The work of Marcel Duchamp occupies a unique and enigmatic place in the history of modern Western art. Starting with his striking cubist painting Nude Descending a Staircase, Duchamp quickly turned modern art upside down with the succession of Readymades that followed. These culminated in Étant Donné, presumably an environmental sculpture but more accurately an environment that incorporates the viewer. Using this as a model for a parallel analysis of Descartes’ cogito, the claim is made that a similar presence is implicit in the method of doubt, and that this renders Descartes’ argument circular. Recognizing this exposes the error of objectification in both cases and confirms the contextual character of art and knowledge.

 

Keywords

Circularity, Descartes, Doubt, Duchamp, Étant DonnéMeditations, Readymades, Voyeur.

 

1

The reputation of Marcel Duchamp (1887-1968) as a controversial artist has persisted for more than a century following the New York Armory Show of 1913 in which his “Nude Descending a Staircase” was first displayed, and his notorious “Fountain,” one of a succession of “Readymades,” that was first exhibited in 1917. Duchamp’s art was shocking both in conception and execution, and continues to be enigmatic. Standing outside the conventional expectation of how painting and sculpture should look, these works remain difficult to assimilate into the history of visual art. Little has happened in the art world since then that can be considered more anomalous. Rather than ascribing these works to the scandalous intent of Dada, they have greater significance in the history of art. This is not so much as exceptions to the gradual unfolding of the technical and perceptual possibilities of painting and sculpture, but because they prefigure a dramatic change in our understanding of the experience of appreciation.
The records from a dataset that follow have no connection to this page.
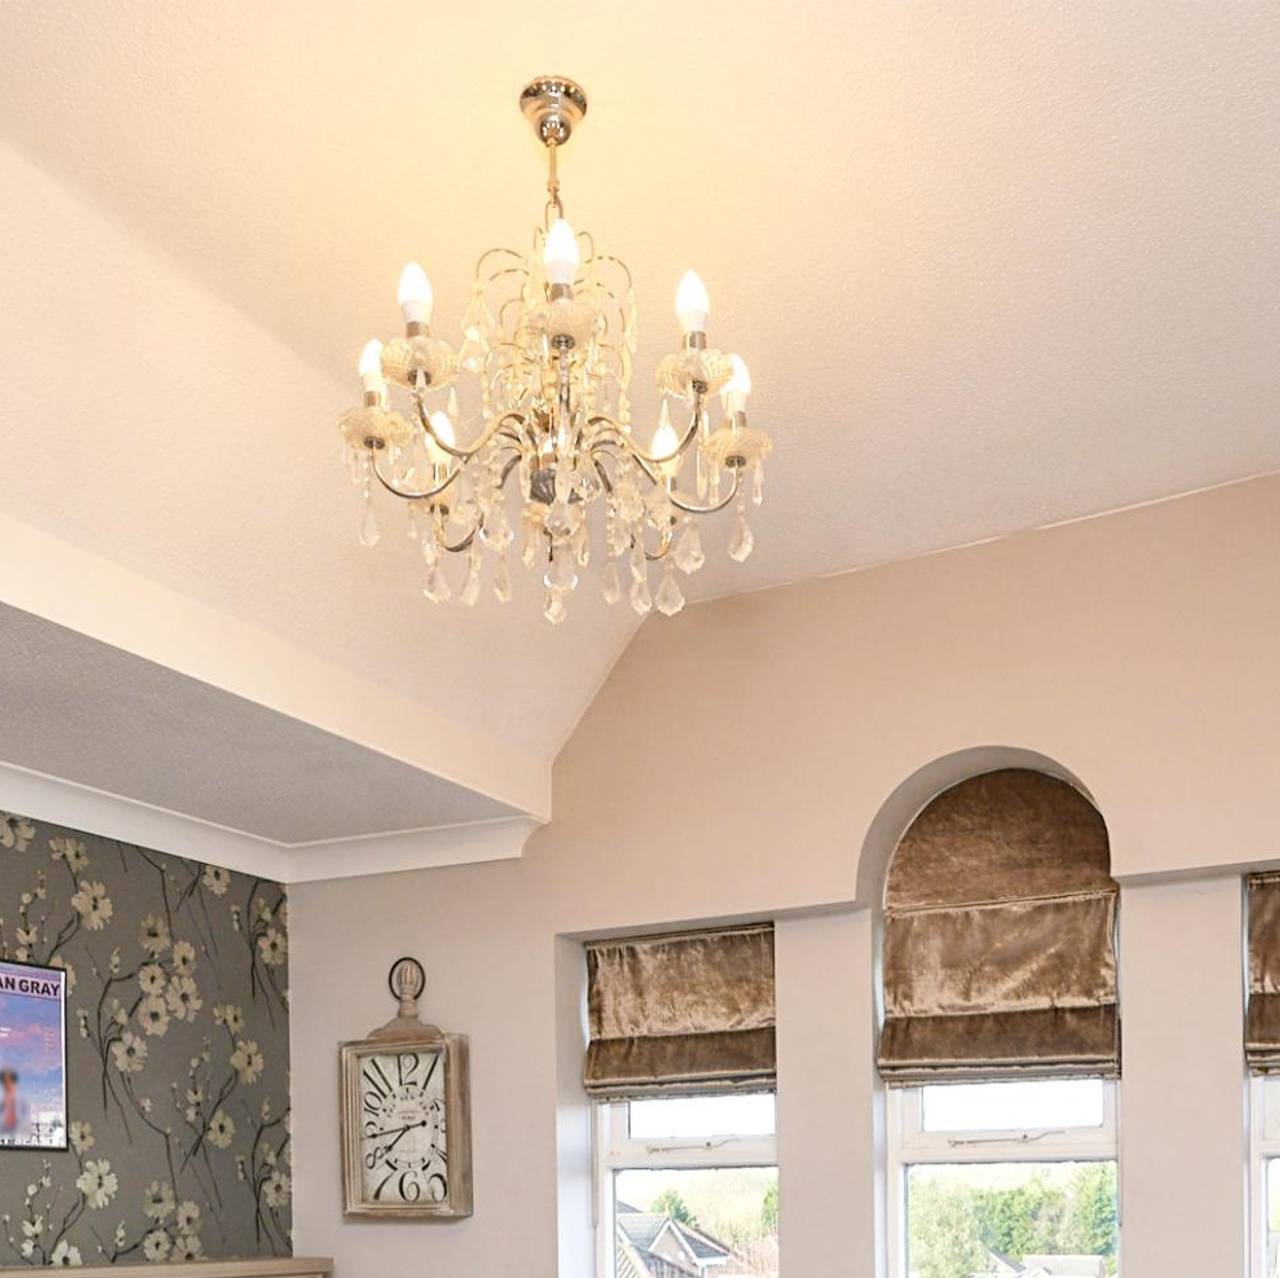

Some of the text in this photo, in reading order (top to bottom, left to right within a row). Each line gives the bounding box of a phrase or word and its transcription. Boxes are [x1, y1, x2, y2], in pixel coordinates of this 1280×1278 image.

[18, 979, 60, 997] GRAY
[363, 1090, 383, 1118] 10
[365, 1146, 385, 1170] 8
[373, 1159, 398, 1200] 7
[399, 1170, 421, 1202] 6
Duchamp‘s art is striking on many counts: it is enigmatic, disconcerting, even disruptive, yet strangely fascinating. Appearing near the close of Cubism and moving in the bizarre and even satirical direction of Dada, his work is both the culmination of that of his predecessors and an anticipation of what would follow. Duchamp’s artistic innovations require more than minor adjustments to new forms of representation and execution. His art is deeply disturbing; it attacks us viscerally. His innovations prefigured many of the late twentieth century conceptually and perceptually disconcerting effects that art would come to have on the benign convention of aesthetic appreciation and the world that art evokes. Even given his originality, it may still seem strange to think of Marcel Duchamp as an environmental artist, much less one whose work has philosophical implications. Is there a master key that opens the many doors to Duchamp’s art?
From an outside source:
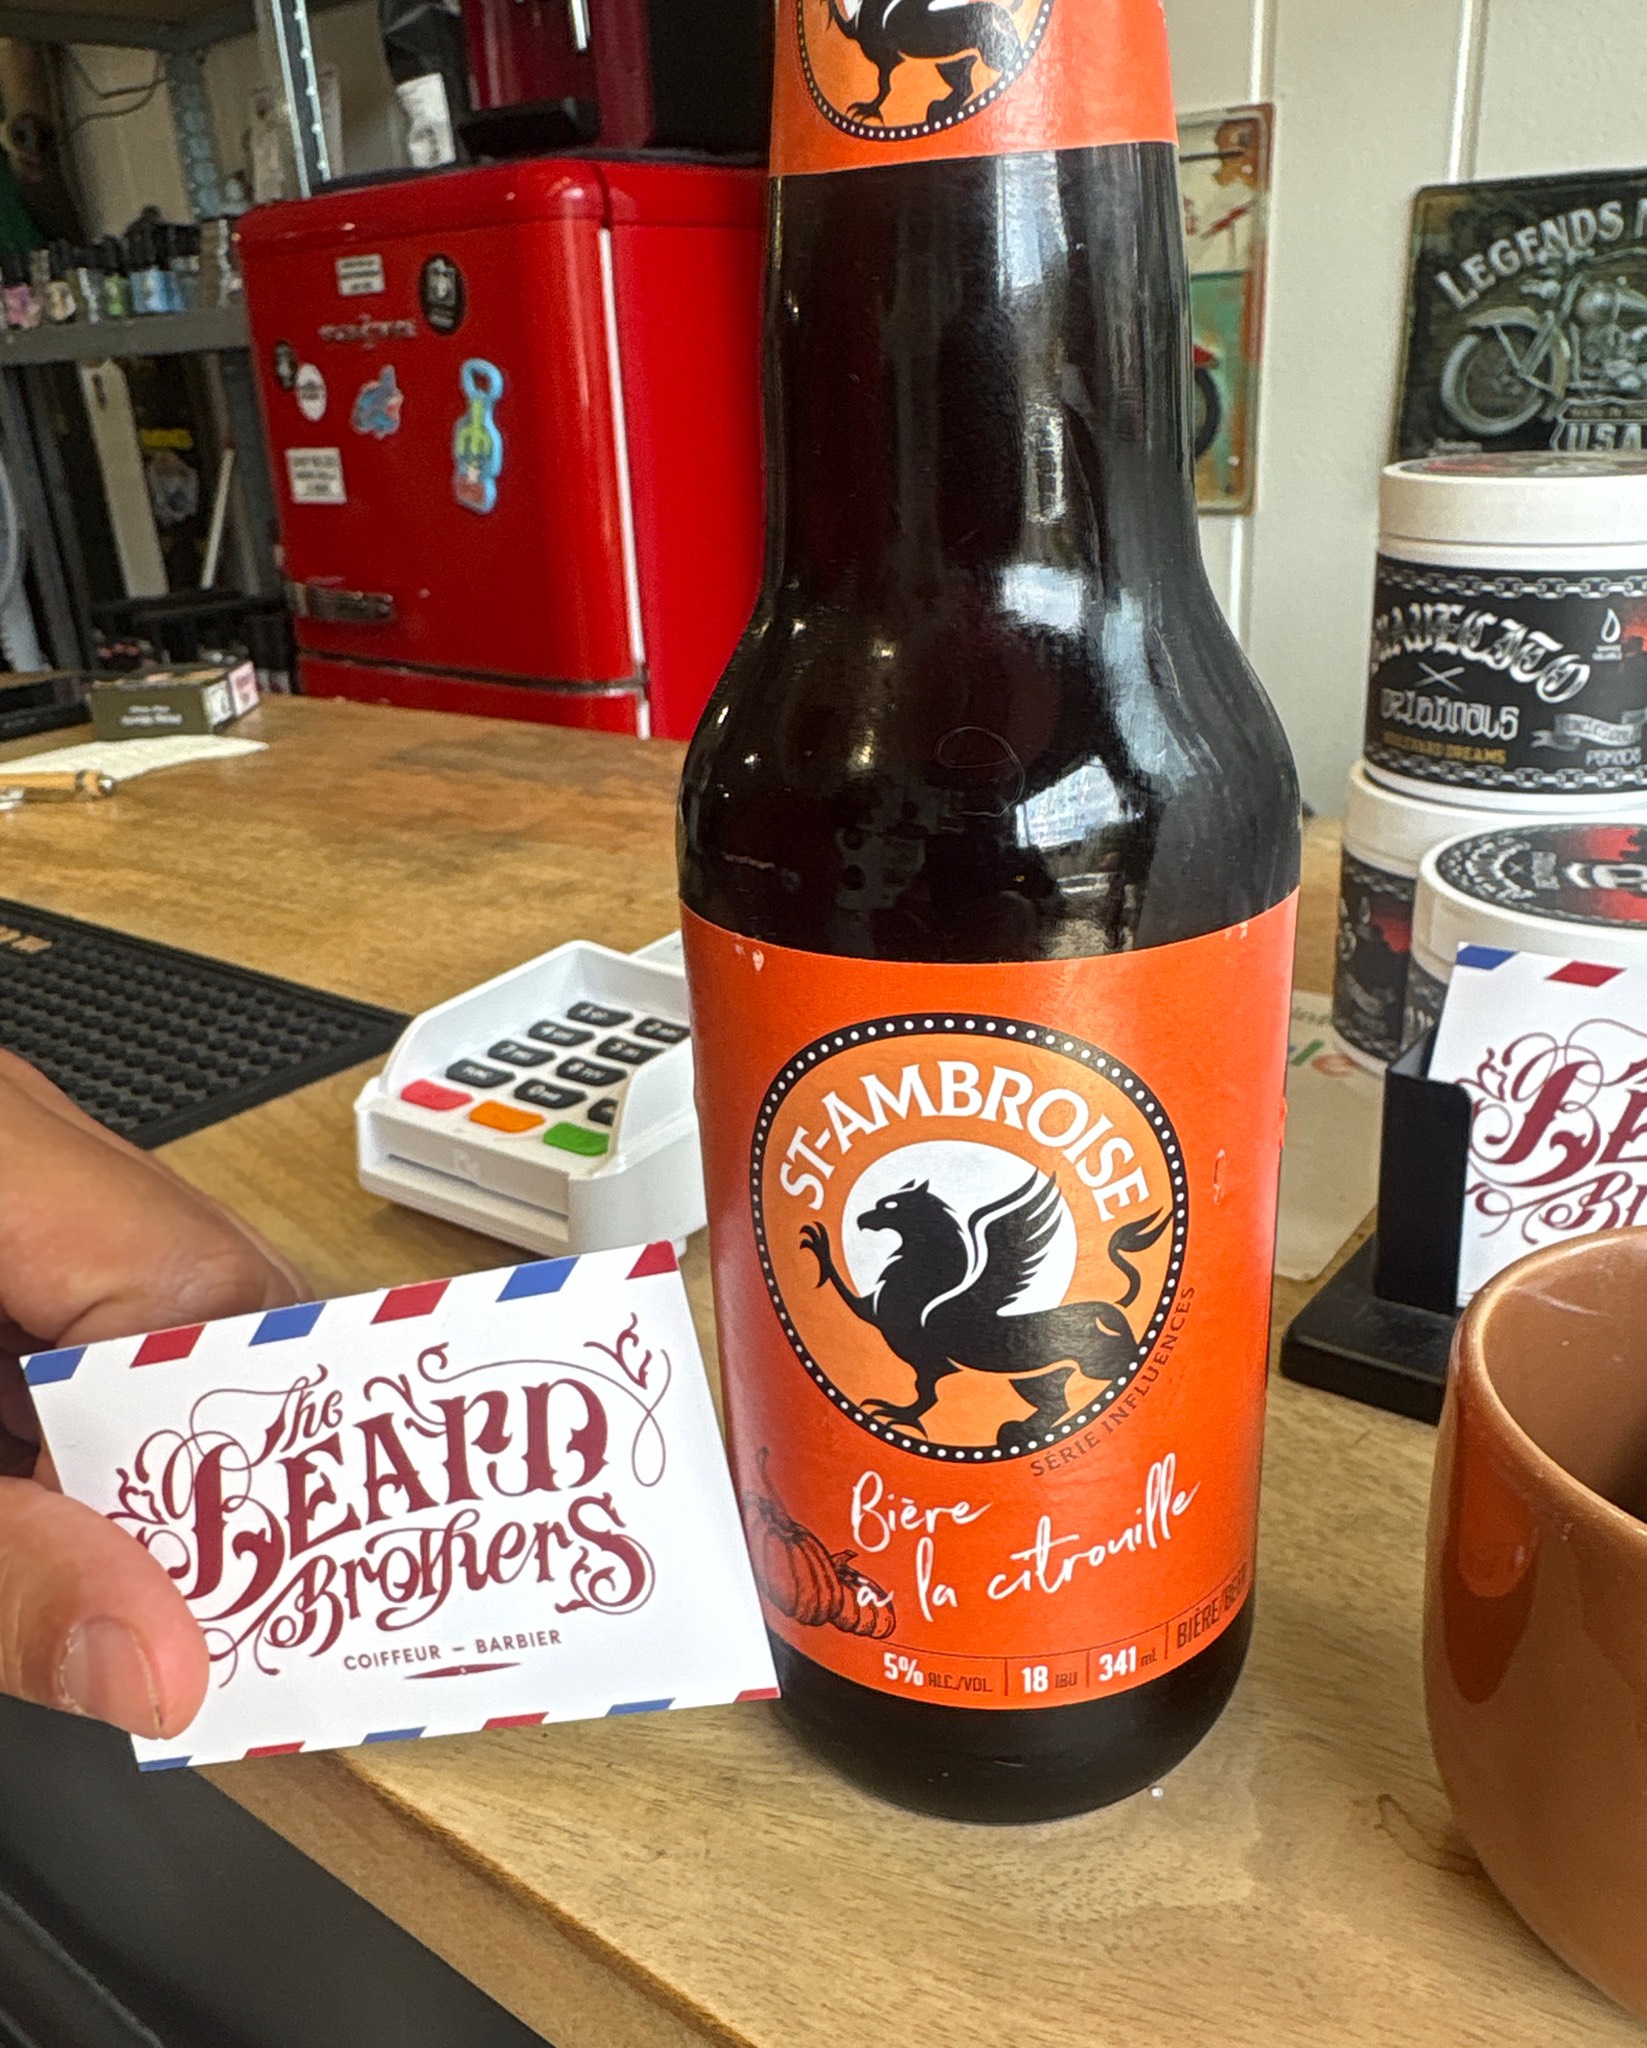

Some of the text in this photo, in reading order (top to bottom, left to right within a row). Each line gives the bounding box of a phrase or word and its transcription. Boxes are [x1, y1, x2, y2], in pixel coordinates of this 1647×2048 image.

I would like to suggest that a hidden factor vitalizes Duchamp’s art, a factor that it is important to recognize, not only in order to understand the art but, in point of fact, to complete it. While it figures in his early work, this factor is most dramatically present at the culmination of his creative trajectory. His late work, Étant donné, is the door, both literally and metaphorically, that provides the entry to his artistic project. A clue may be found in Duchamp’s reflective comment on having largely given up painting after the Nude Descending a Staircase: “I was interested in ideas—not merely in visual products.”[1] From his late work Étant donné we can read back to a guiding artistic insight in the succession of Readymades and even to the early Nude. Moreover, this factor has philosophical significance of overriding importance. But more of that later. Let us begin at the end with some observations on Étant donné.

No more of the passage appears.